河崎一夫さん(65)はこの3月末で金沢大学教授を定年退官した。付属病院眼科で約40年治療と教育に携わり、最後の2年間は病院長を務めた。
職を退き、学生への愛情を込めた最後のメッセージとして投稿したのが「医学生」だ。
「人前で堂々と医学を選んだ理由を言えるか」「奉仕と犠牲の精神はあるか」「医師の仕事はテレビドラマのような格好いいものではない」「知識不足は許されない」
「医学生は『よく学び、よく学び』しかない」。医師の心得を説くことばは厳しい。
「医学生へ」は大きな反響を呼んだ。
「涙が出るほど感動した」「快哉(かいさい)を叫んだ」という手紙、メールは50通を超えた。医大で学ぶ息子や娘、孫に記事を送ったという報告も少なくなかった。
河崎さんは、退官後はしばらくゆっくりし、いずれは診療に専念したいと思っていた。ところが、掲載後、中学などから講演を依頼され、放送局から出演の話も。
「本を書きませんか」という誘いまである。
大学で医学教育に携わる医師からは「同感。記事を学生に読ませた」「成績がいいからと医学部を選ぶ学生が多い」といった意見が寄せられた。
友人の一人、三宅養三・名古屋大学教授は「学生は講義がわかりにくいというが、真剣に聞いているのはわずか」と嘆く。とにかく学生に夢を持たせるのが教育の狙いという。
河崎さんは「試験のヤマを教えて」という学生がくると、「患者がヤマを背負ってくるか!」。

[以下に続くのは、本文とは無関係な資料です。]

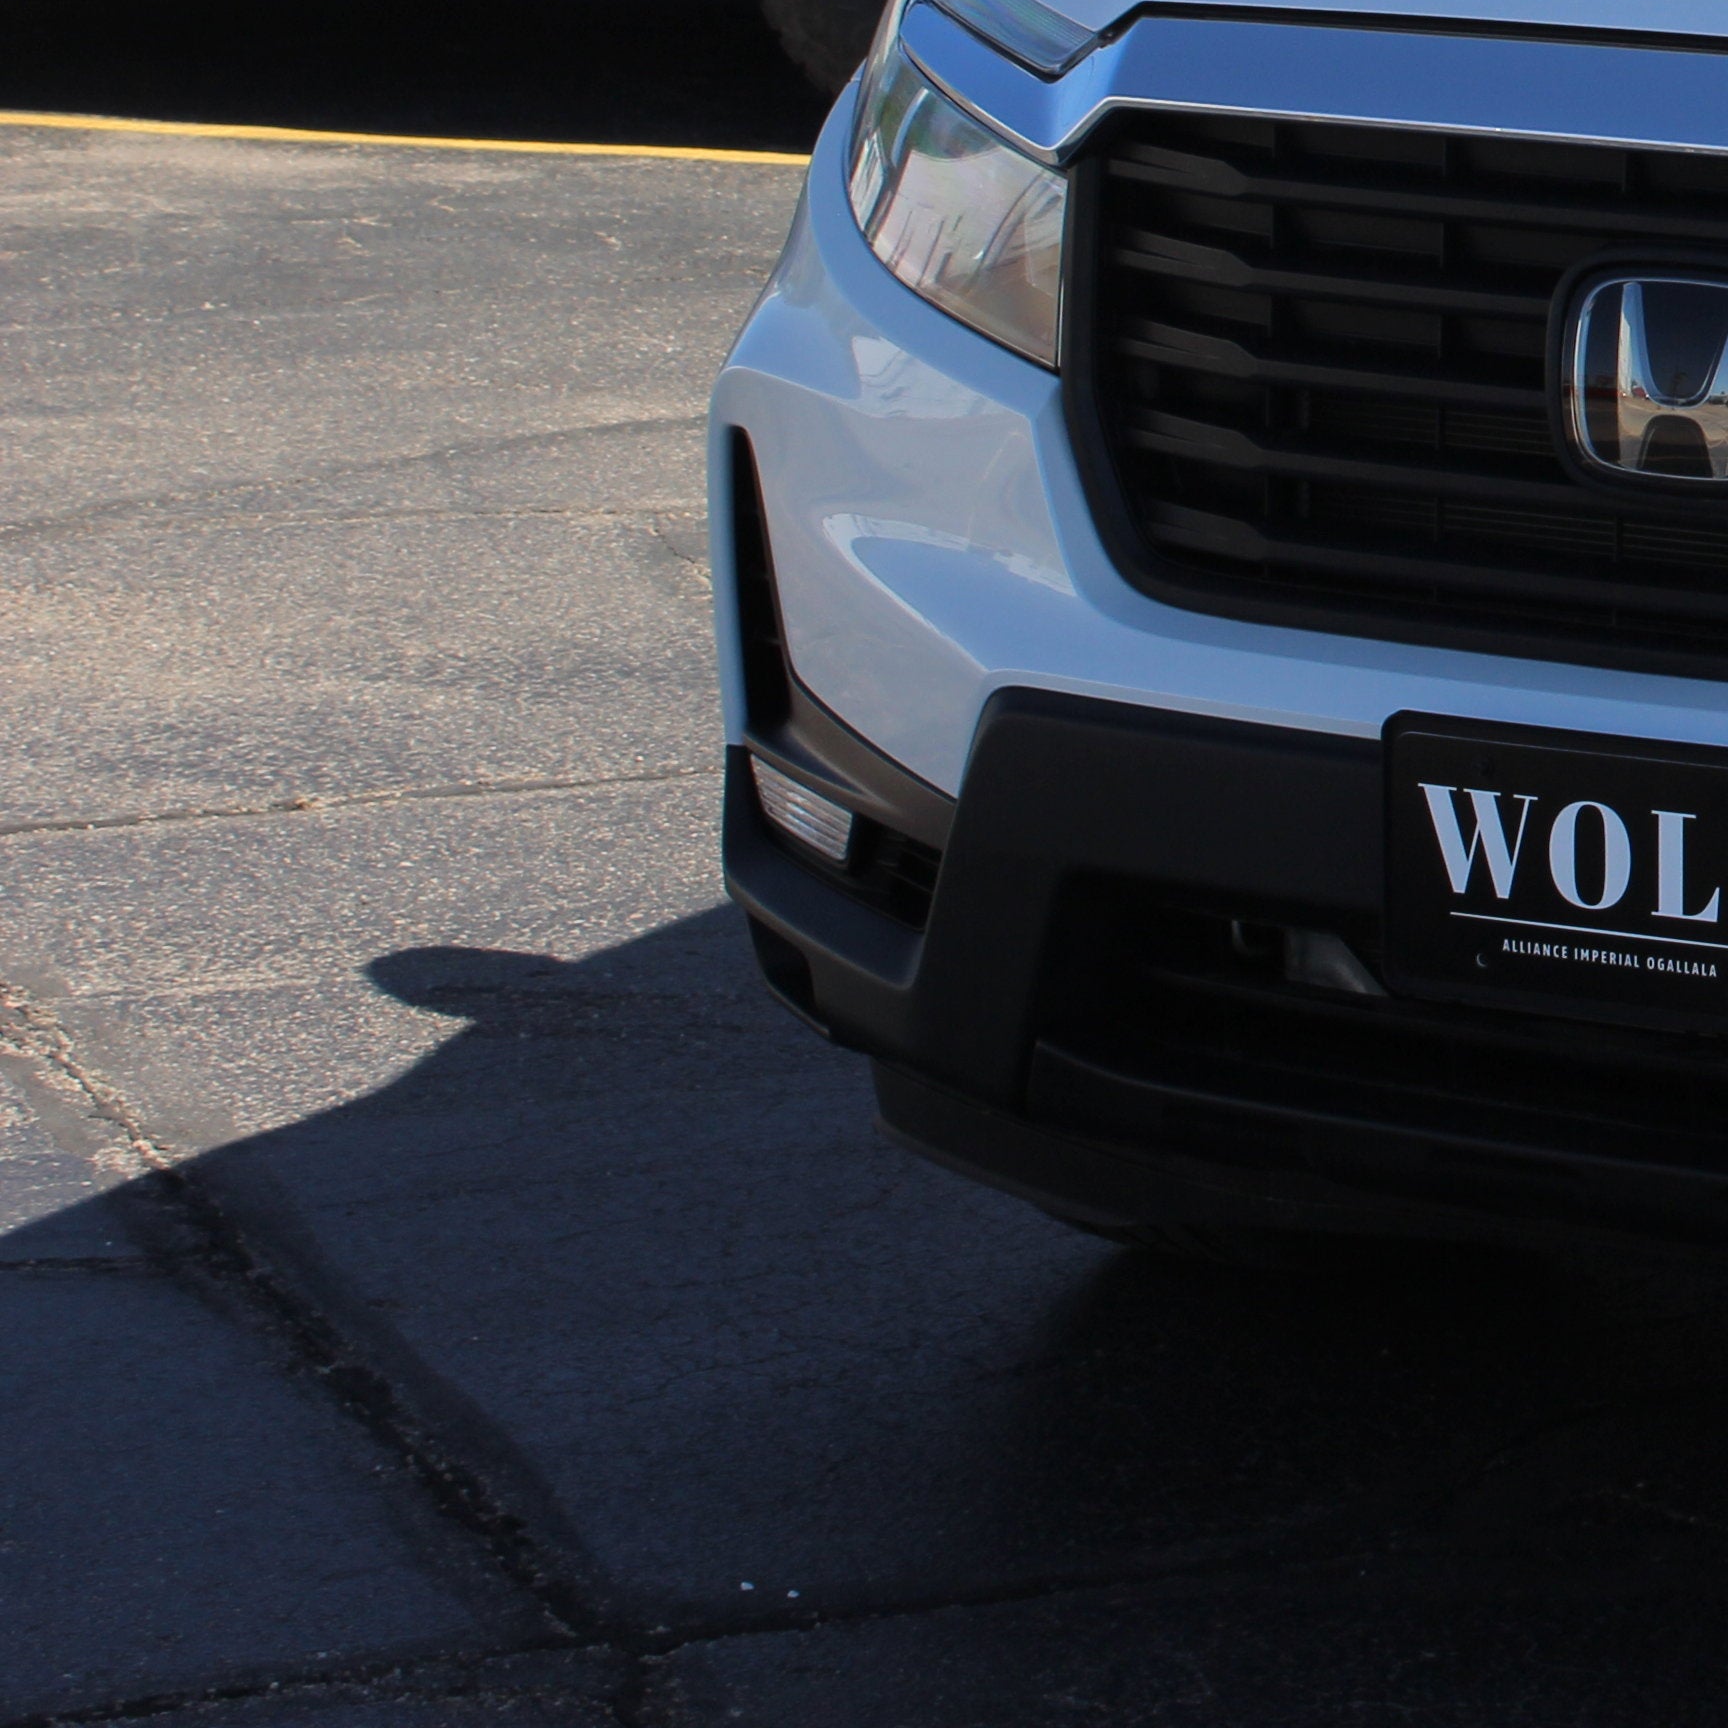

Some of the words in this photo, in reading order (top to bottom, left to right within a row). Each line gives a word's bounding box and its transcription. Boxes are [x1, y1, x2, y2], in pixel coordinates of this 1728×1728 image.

[1502, 939, 1568, 959] ALLIANCE
[1574, 947, 1640, 969] IMPERIAL
[1646, 956, 1718, 977] OGALLALA

しつけにも厳しい。あいさつはもちろん、病院で実習するときは学生といえどもノーネクタイ、ジーンズ、よれよれの白衣は御法度。
河崎さんのロッカーには貸し出し用のワイシャツ、ネクタイが常備してあった。
「体は心を表す。だらしない服装は、私は緊張していませんと表明しているようなもの。医者の立場を自覚しなければ」
河崎さんの専門は網膜電図学。目の網膜が活動するときに起こる電気現象を糖尿病網膜症の診断に活用し、国際的にも高く評価されている。
医師を志望したのは父親の勧めによる。学生時代、医師の治療ミスで入院し、1年間休学した。さらに医師の高慢な態度に怒りを覚えた。

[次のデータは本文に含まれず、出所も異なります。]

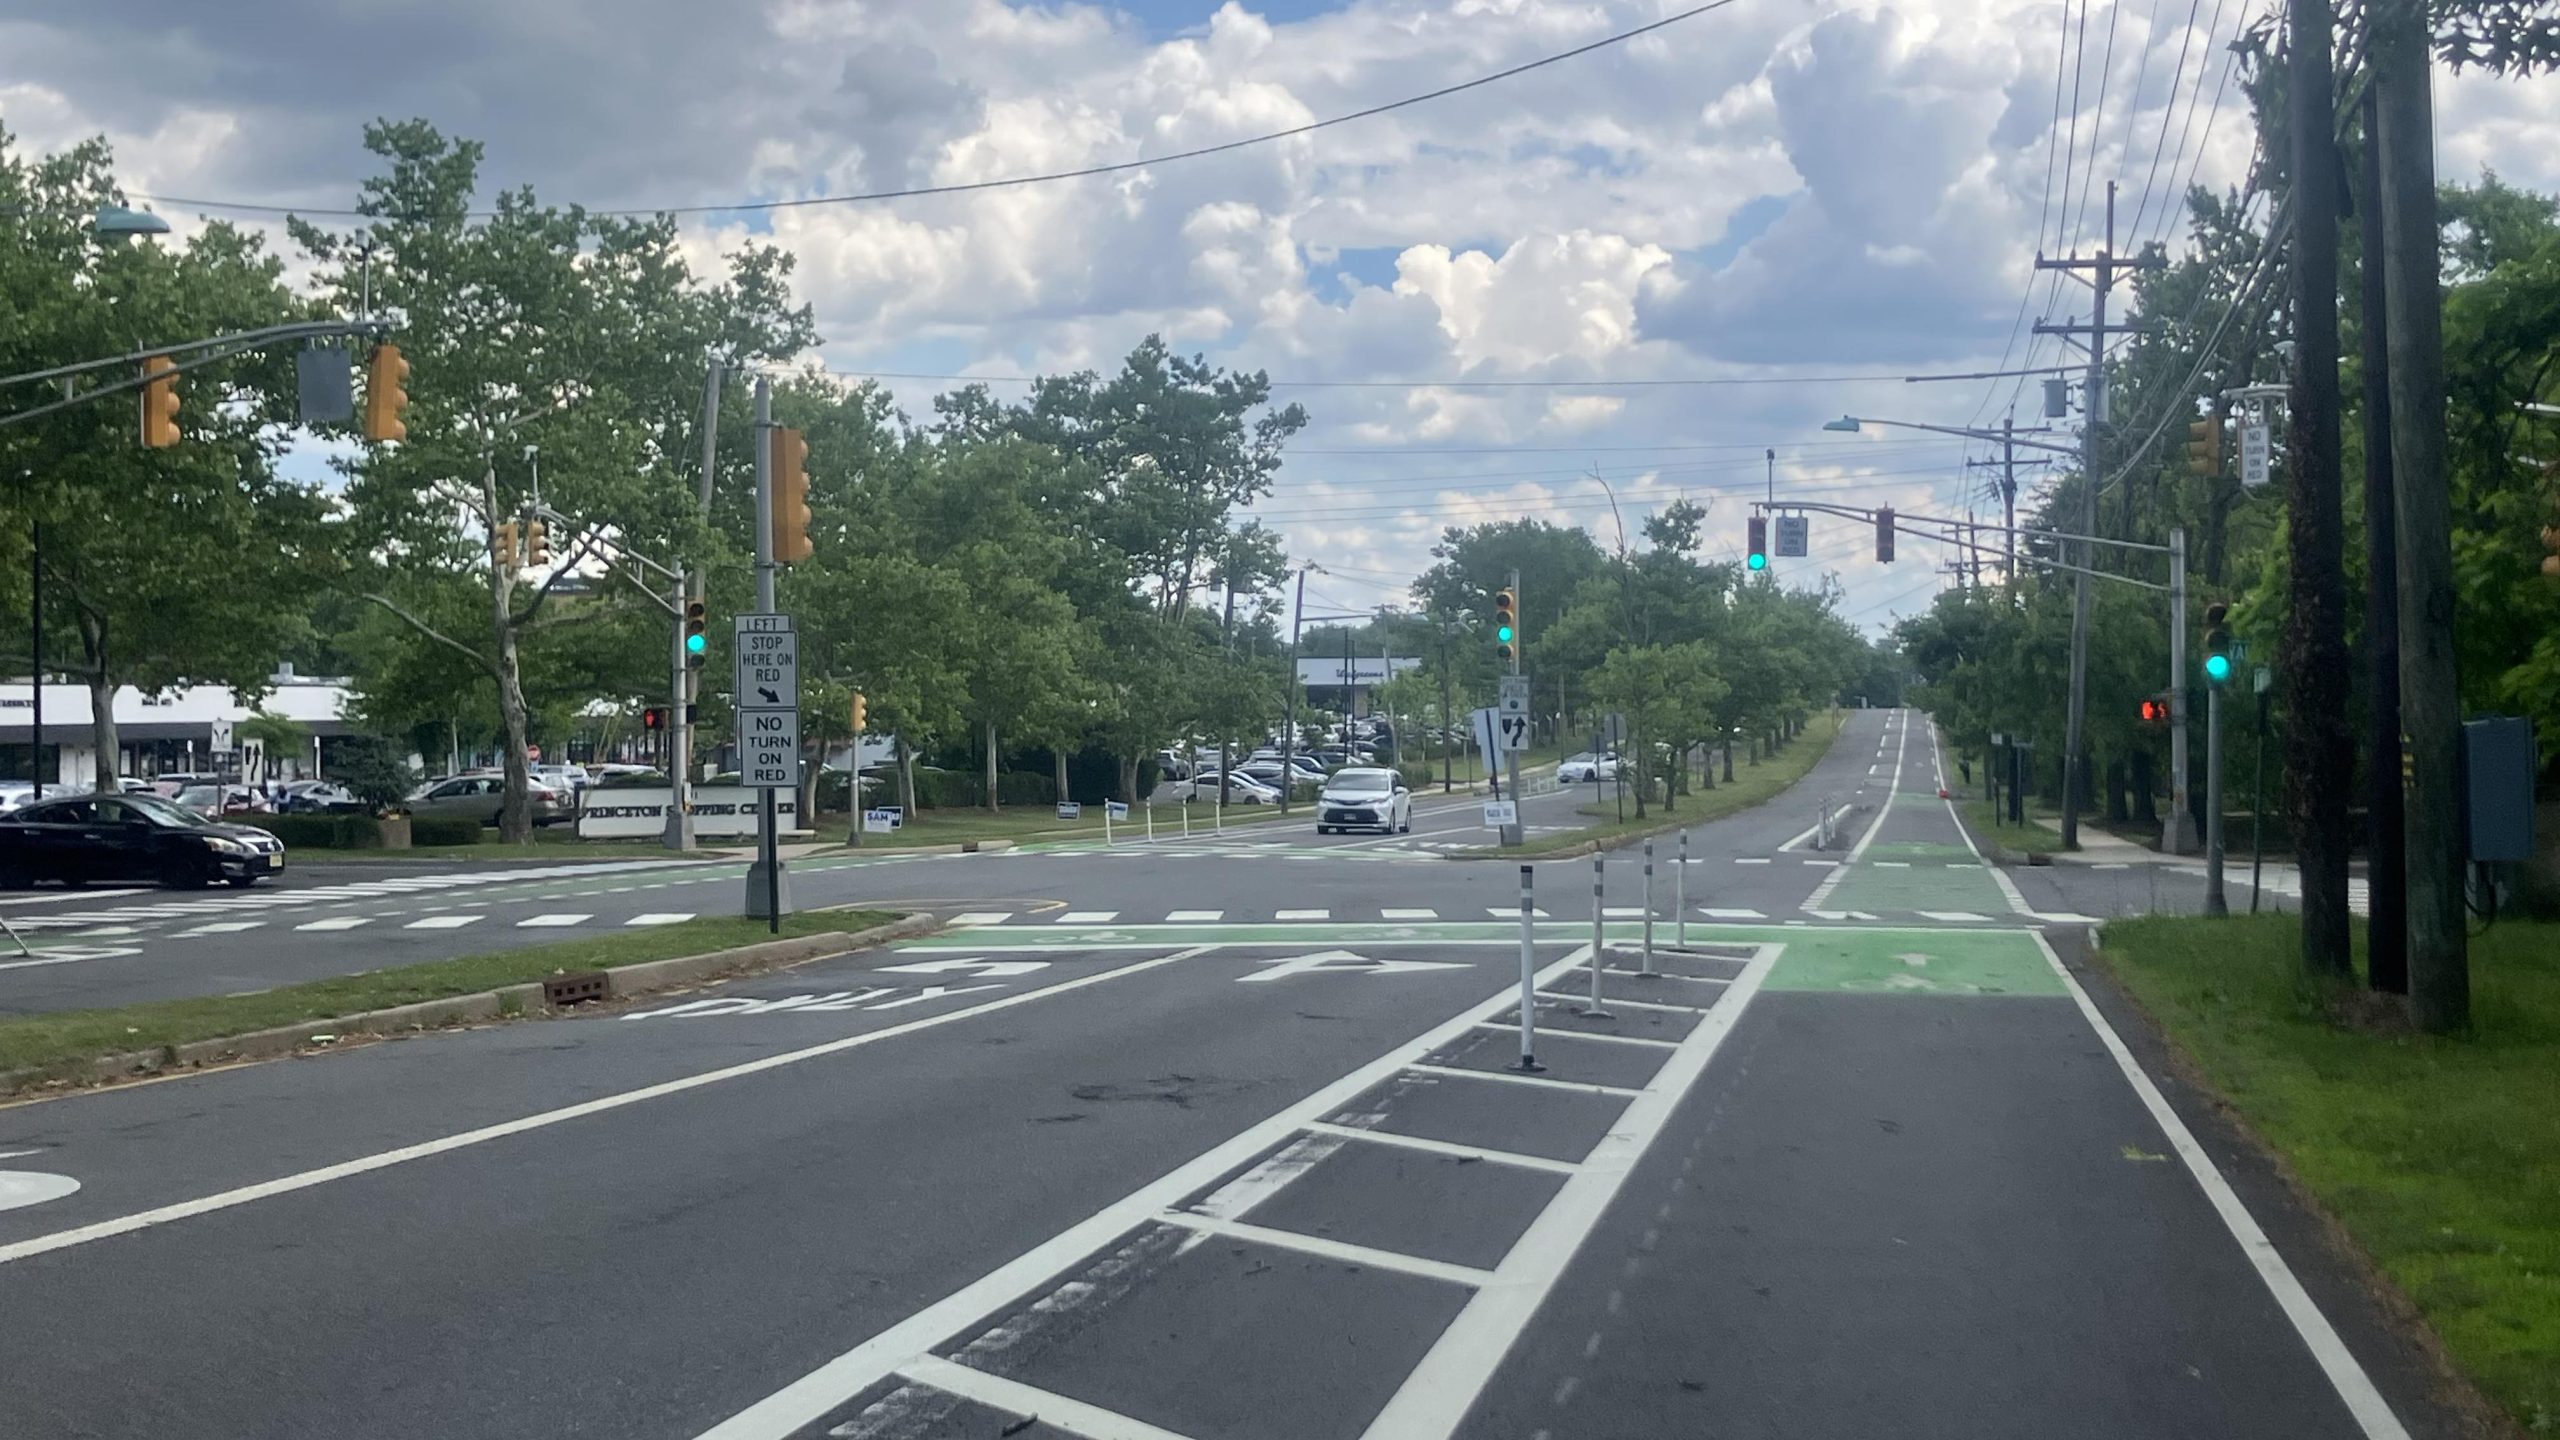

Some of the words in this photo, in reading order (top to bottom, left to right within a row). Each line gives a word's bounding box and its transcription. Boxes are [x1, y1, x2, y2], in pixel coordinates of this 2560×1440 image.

このときのつらい体験が、医師のあり方を考えるきっかけになった。
「医学生へ」のねらいは若い世代にも届いたようだ。河崎さんの母校、金沢大学教育学部付属高校は毎年、4分の1の生徒が医学部を受験する。
父親と同じ医師の道を希望する2年生の女生徒は、将来は機械で診断するかもしれないが、患者の話を聞くことが一番の医療だと感想文で書いた。
臨床検査技師を養成する大分臨床検査技師専門学校(大分市)からは、3学年の学生約120人の感想文が寄せられた。
人の命を救いたいという気持ちは誰にも負けないが集中力のなさと遊びぐせが課題、と率直に書く男子学生もいれば、
今までの悩みの答えをこの記事にみつけたという女子学生もいた。
「よく学び、よく学び」は、学生にとって耳が痛かったようだ。
河崎さんは「日ごろから学生に言っていることを書いただけ。反響があって心強い」という。
医療ミスが多発し、患者とコミュニケーションがとれない医師が問題になる。全国で医学教育の見直しが進むなか、河崎さんの文章の「教育力」は大きい。